President of the Executive Power of the Republic
- In office 18 July 1873 – 7 September 1873
- Preceded by: Francisco Pi y Margall
- Succeeded by: Emilio Castelar y Ripoll

Personal details
- Born: 10 April 1838 Alhama de Almería, Province of Almería, Spain
- Died: 21 September 1908 (aged 70) Pau, France
- Party: Democratic Republican Union Progressive Party

= Nicolás Salmerón =

Spanish politician (1838–1908)

Nicolás Salmerón Alonso (10 April 1838 - 21 September 1908) was a Spanish politician and president of the First Spanish Republic.

==Biography==
He was born at Alhama la Seca in the province of Almería, was educated at Granada and became assistant professor of literature and philosophy at Madrid. The last years of the reign of Isabella II were times of growing discontent with her government and with the monarchy. Salmerón joined a small party who advocated for the establishment of a republic. He was director of the opposition paper La Discusión, and co-operated with Emilio Castelar on La Democracia. In 1865 he was named one of the members of the directing committee of the Republican Party. In 1867 he was imprisoned with other suspects.

When the revolution of September 1868 broke out, he was at Almería recovering from a serious illness. Salmerón was elected to the Cortes in 1871, and though he did not belong to the Socialist Party, defended its right to toleration. When Amadeo of Savoy resigned the Spanish crown on 11 February 1873 Salmerón was naturally marked out to be a leader of the party which endeavoured to establish a republic in Spain. While serving as minister of justice in the Figueras cabinet, he abolished the death penalty. He was subsequently elected president of the Cortes, and then, on 18 July 1873, president of the Executive Power of the Republic, in succession to Francisco Pi y Margall. He became president at a time when the Federalist Party had thrown all the south of Spain into anarchy.

Salmerón was compelled to use the troops to restore order. When, however, he found that the generals insisted on executing rebels taken in arms, he resigned (September 6) on the ground that he was opposed to capital punishment. He was again elected president of the Cortes on September 9. His successor, Castelar, was compelled to restore order by drastic means. Salmerón took part in the attack made on him in the Cortes on 3 January 1874, which provoked the generals into closing the chamber and establishing a provisional military government. Salmerón went into exile and remained abroad until 1881, when he was recalled by Sagasta.

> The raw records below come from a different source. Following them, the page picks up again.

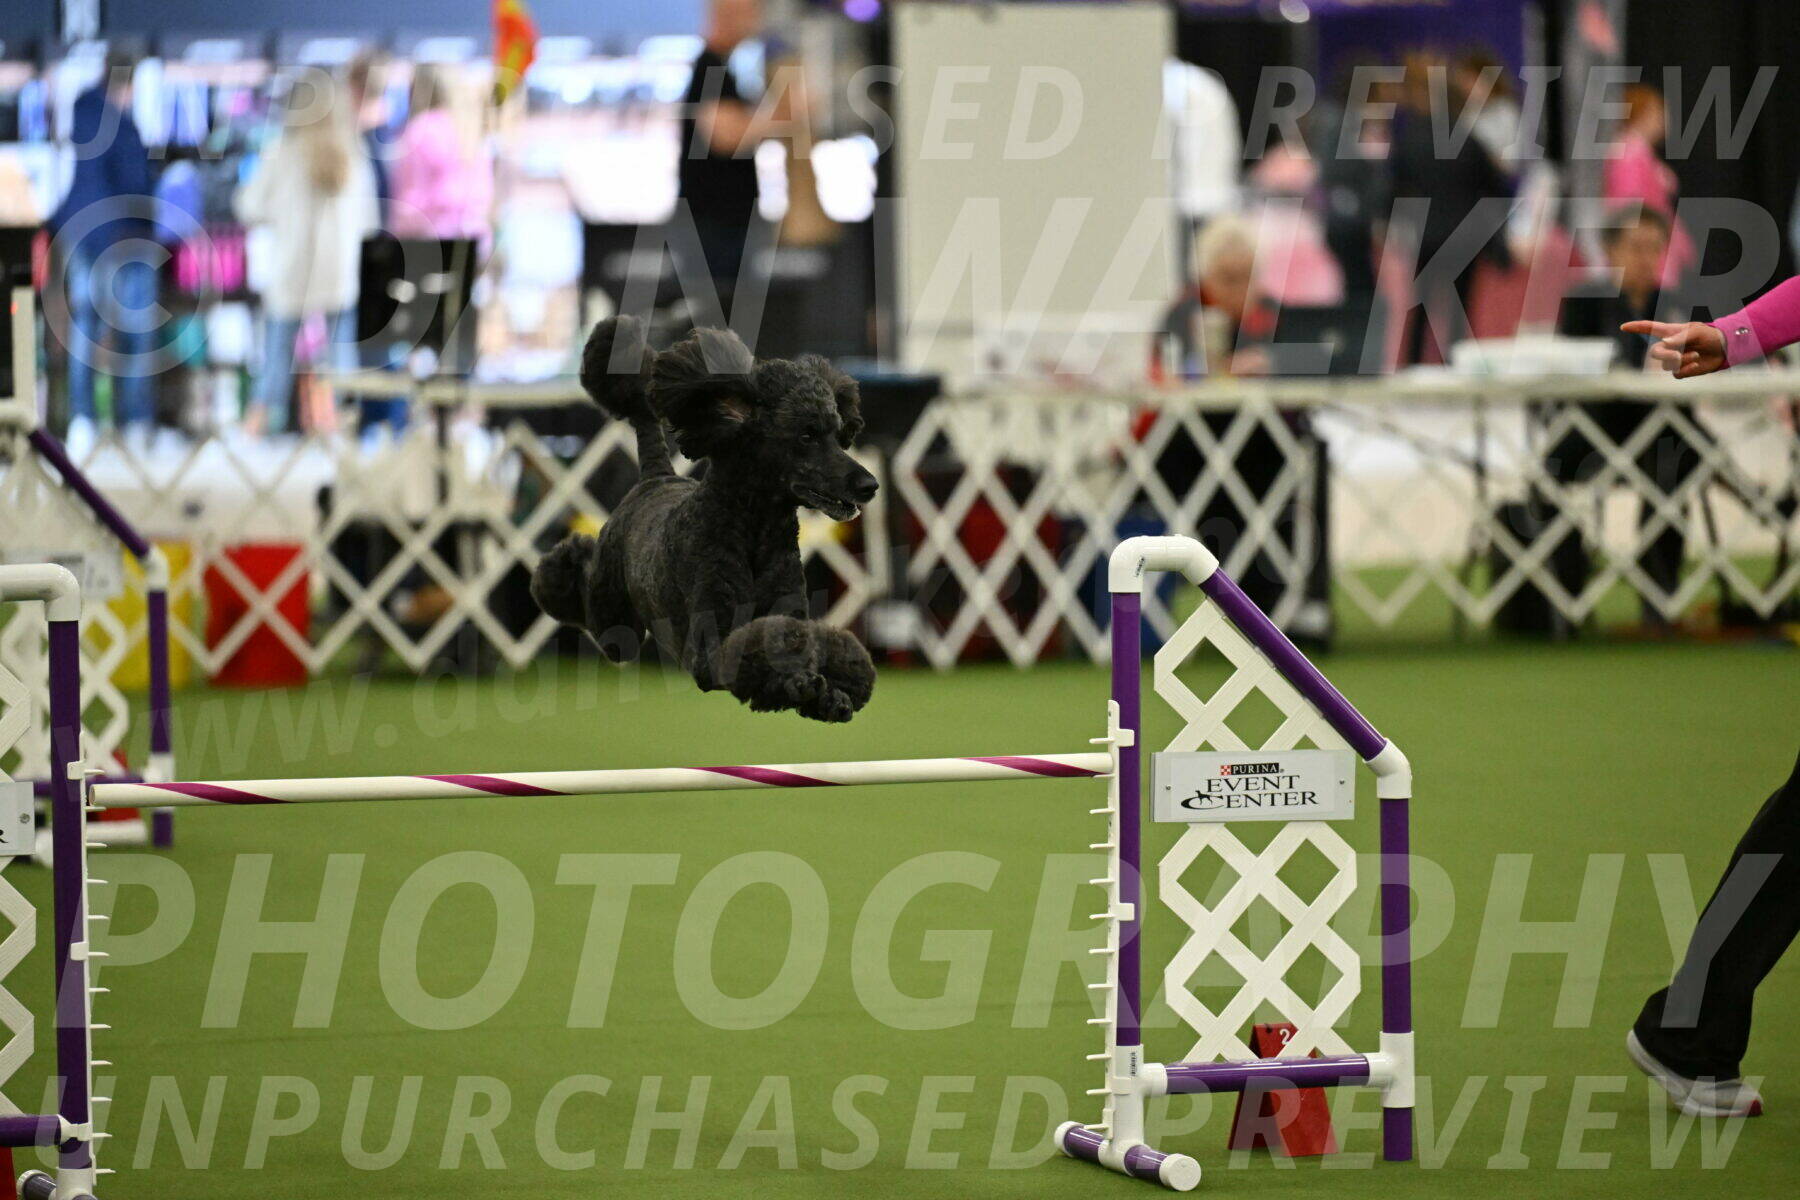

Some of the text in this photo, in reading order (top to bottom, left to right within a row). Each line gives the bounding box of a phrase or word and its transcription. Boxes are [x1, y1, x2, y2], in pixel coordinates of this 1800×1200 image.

[1232, 763, 1279, 775] PURINA
[1205, 775, 1300, 793] EVENT
[1180, 791, 1320, 810] CENTER
[1279, 1028, 1292, 1046] 2
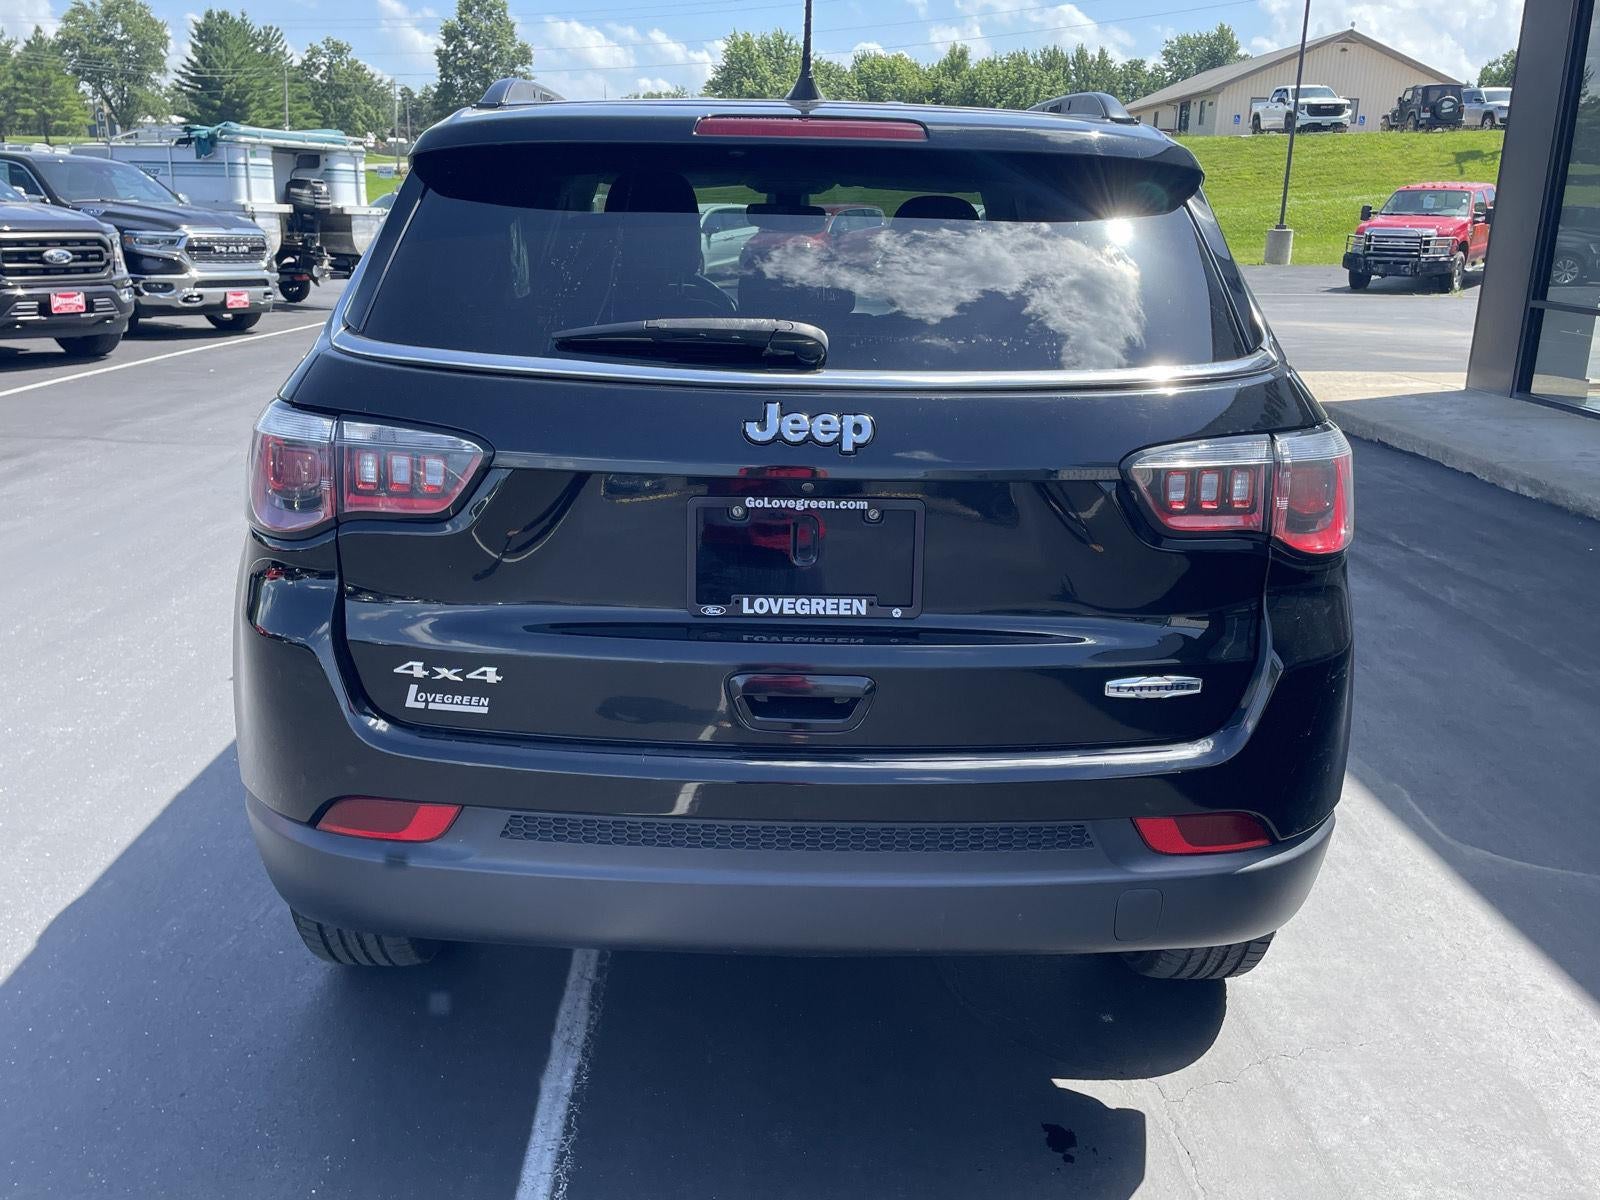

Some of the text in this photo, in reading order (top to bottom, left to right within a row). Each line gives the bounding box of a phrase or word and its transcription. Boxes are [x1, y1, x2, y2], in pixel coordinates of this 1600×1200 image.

[213, 245, 250, 254] RAM
[744, 402, 875, 453] Jeep
[744, 497, 869, 511] GoLovegreen.com
[703, 605, 724, 614] Ford
[742, 597, 867, 616] LOVEGREEN
[393, 661, 503, 684] 4x4
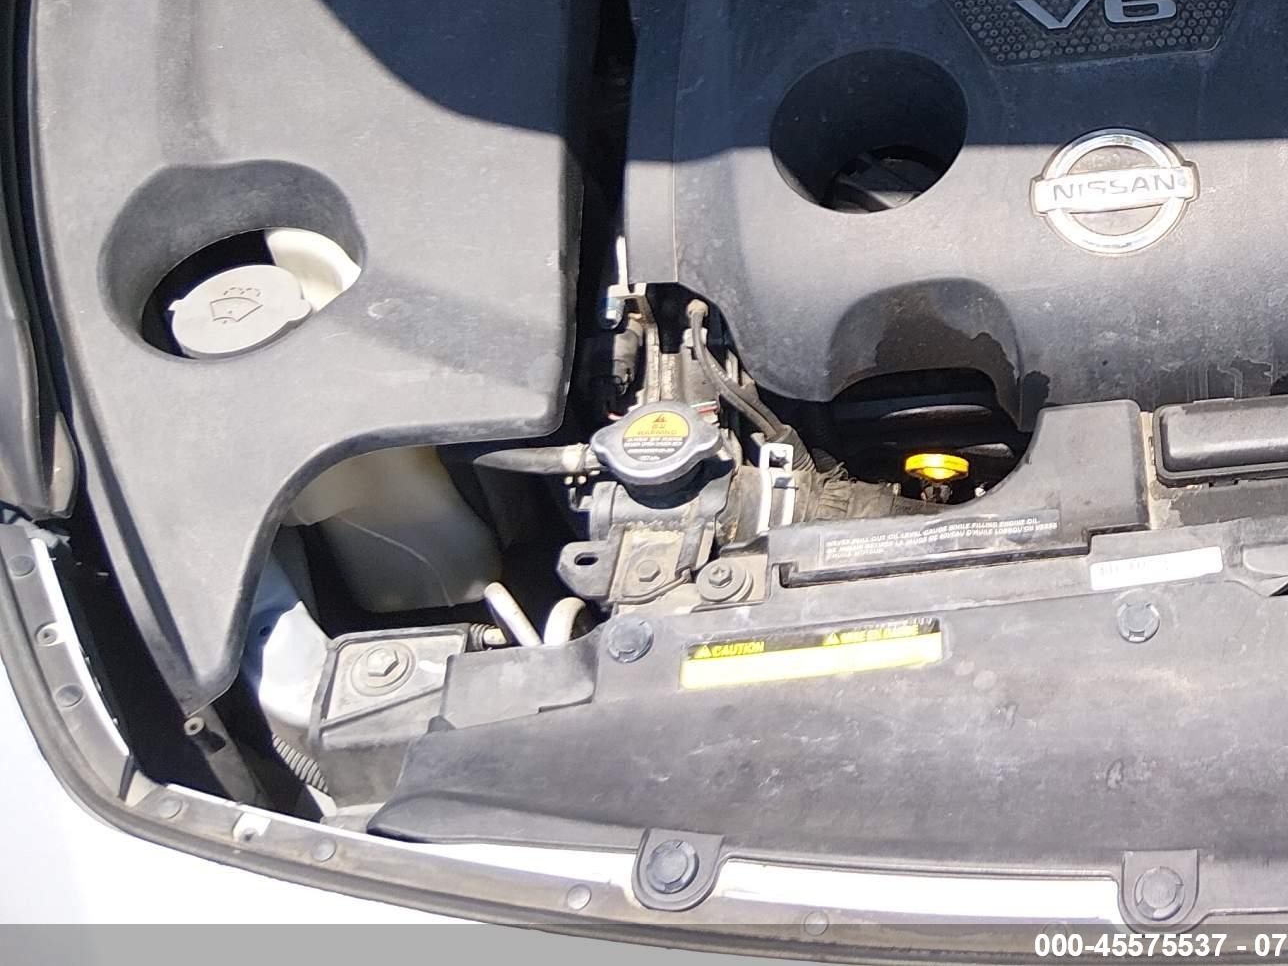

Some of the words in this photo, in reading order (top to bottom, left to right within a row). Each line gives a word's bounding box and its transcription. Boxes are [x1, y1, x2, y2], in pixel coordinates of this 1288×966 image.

[1053, 172, 1176, 201] NISSAN
[872, 534, 886, 542] OUT
[712, 641, 765, 657] CAUTION

In 1886, he was elected to the Cortes as Progressive deputy for Madrid, and unsuccessfully endeavoured to combine the jarring republican factions into a party of practical moderate views. In 1889, he was the attorney for the defense in the trial for the crime of Fuencarral street in Madrid. On 18 April 1907 he was shot at, but not wounded, in the streets of Barcelona by a member of the more extreme Republican Party. He died at Pau on 21 September 1908 at the age of 70.

He was the last living president of the First Spanish Republic.

==Human rights prize in his name==
Since 2009 the Nicolás Salmerón Human Rights Prize has been awarded, arising from the initiative of the Ateneo de Madrid. The award is organized by the International Foundation for Human Rights and delivered at the Ateneo headquarters every December 10 on the anniversary of the approval by the United Nations of the Universal Declaration of Human Rights. Among the winners in the different categories are Luiz Inácio Lula da Silva (2020), José Luis Rodríguez Zapatero (2009), la Casa Sefarad-Israel (2010), Cristina Fernández de Kirchner (2011), El Intermedio y El Gran Wyoming (2012), Jesús Caldera (2012), Jordi Évole (2013), Pedro González Zerolo y Marcos Ana (2014).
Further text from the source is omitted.